2ー17
中から聞こえてくる軽快な音楽や声。こっからでも見えるアトラクションに、瑛太の目は輝いていた。
初めてなら、思いっきり楽しもうじゃねぇか!
「ちょっとここで待ってろ。チケット買ってきてやる」
「あ、オレも行くっ」
「くんな」
「……え…」
「あ、いや…来たら自分で払っちまうだろ?だから待ってろ」
今日は、一から十全てをエスコートするつもりできたんだ。
そりゃ瑛太ん家と比べりゃうちは貧乏かもしんねぇけど…今日1日楽しませるくれぇの金はある。
……が、瑛太は自分で払うつもりだったらしく、困ったように…いや、少し怒ったように拒否してきやがった。

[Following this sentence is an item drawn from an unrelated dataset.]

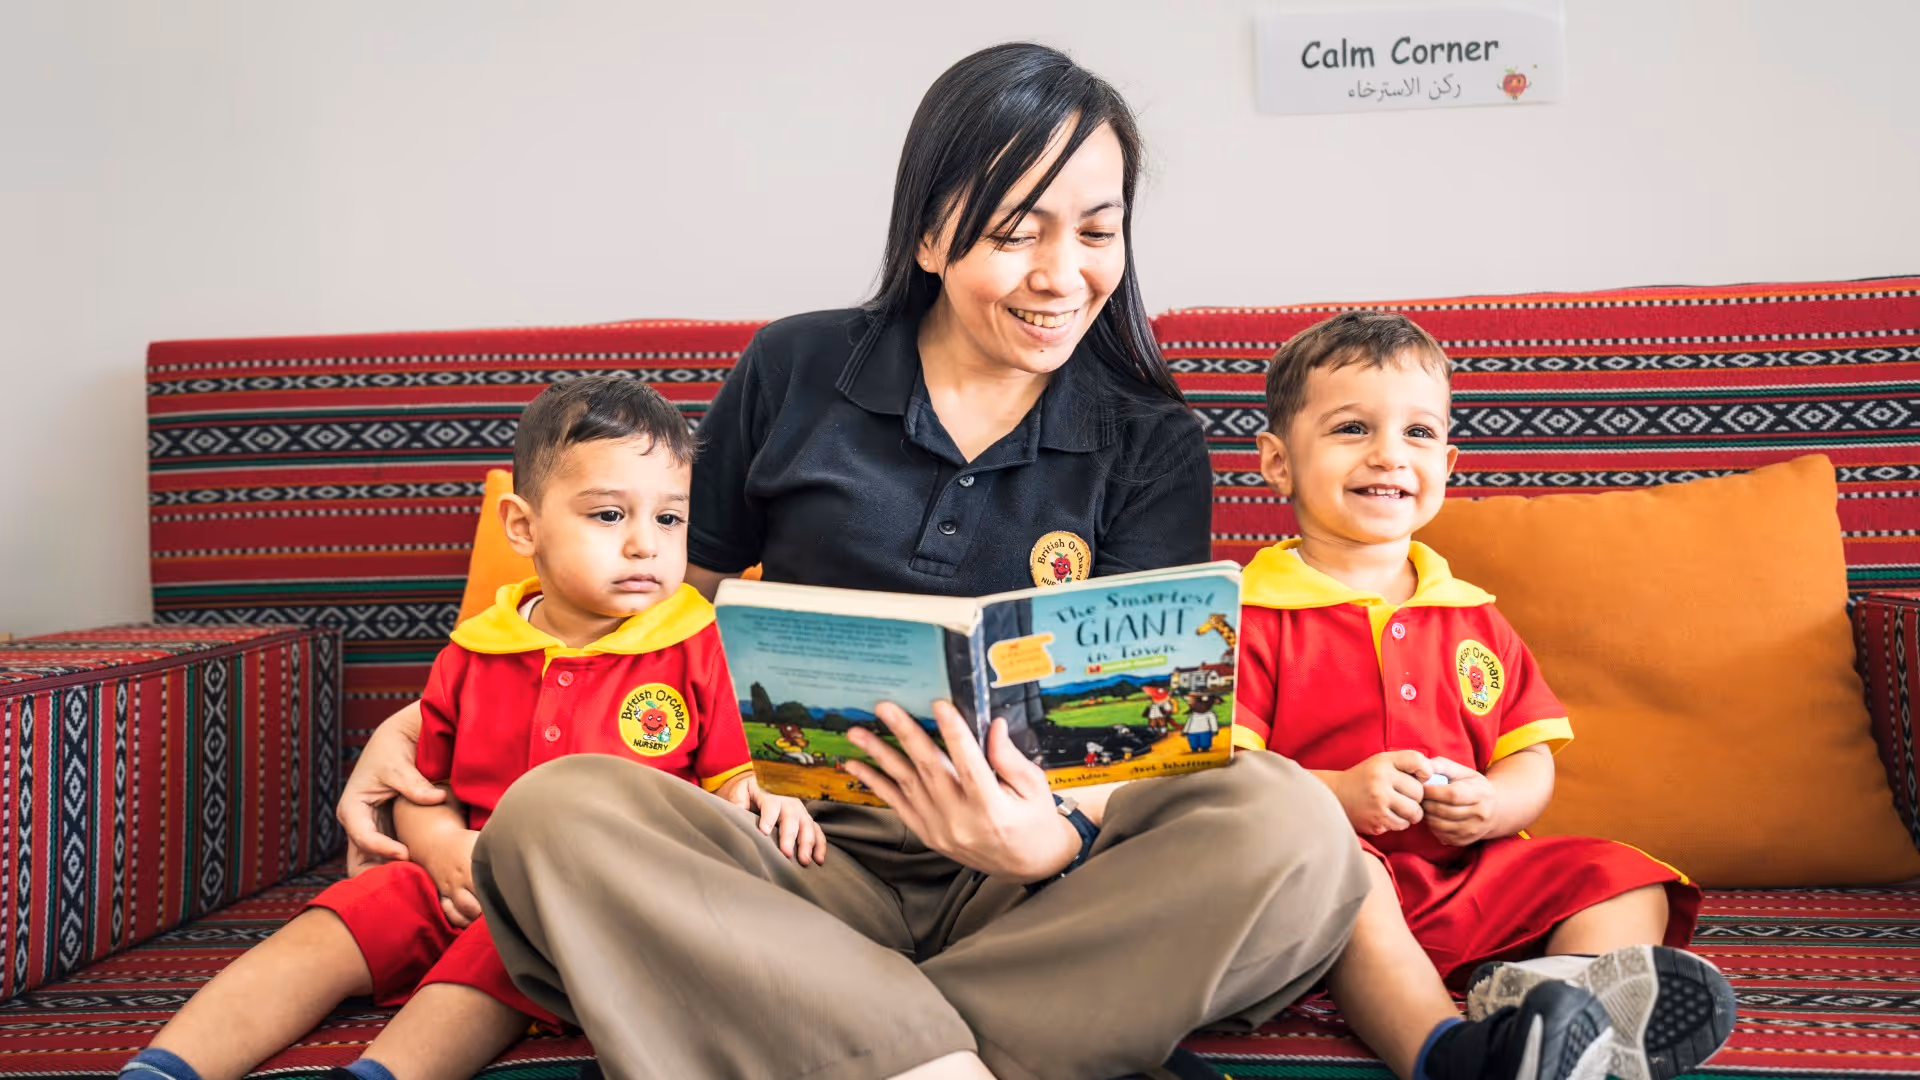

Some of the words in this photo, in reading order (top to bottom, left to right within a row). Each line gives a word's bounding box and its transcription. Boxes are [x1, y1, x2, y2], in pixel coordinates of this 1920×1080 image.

ったく、変なとこでプライドたけぇっつーか…融通がきかねぇっつーか…。
「今日は俺に任せてくれんじゃねぇのか?」
「っ…でも、チケットくらい…」
「ダメだ。第一、財布は持ってくんなっつっただろ」
「ご、めんなさい…」
しまった、ちょっとキツく言い過ぎたか?
明らかに落ち込んじまった瑛太に、少し反省。つか瑛太も、んな暗い方に考えんなっつーんだよ。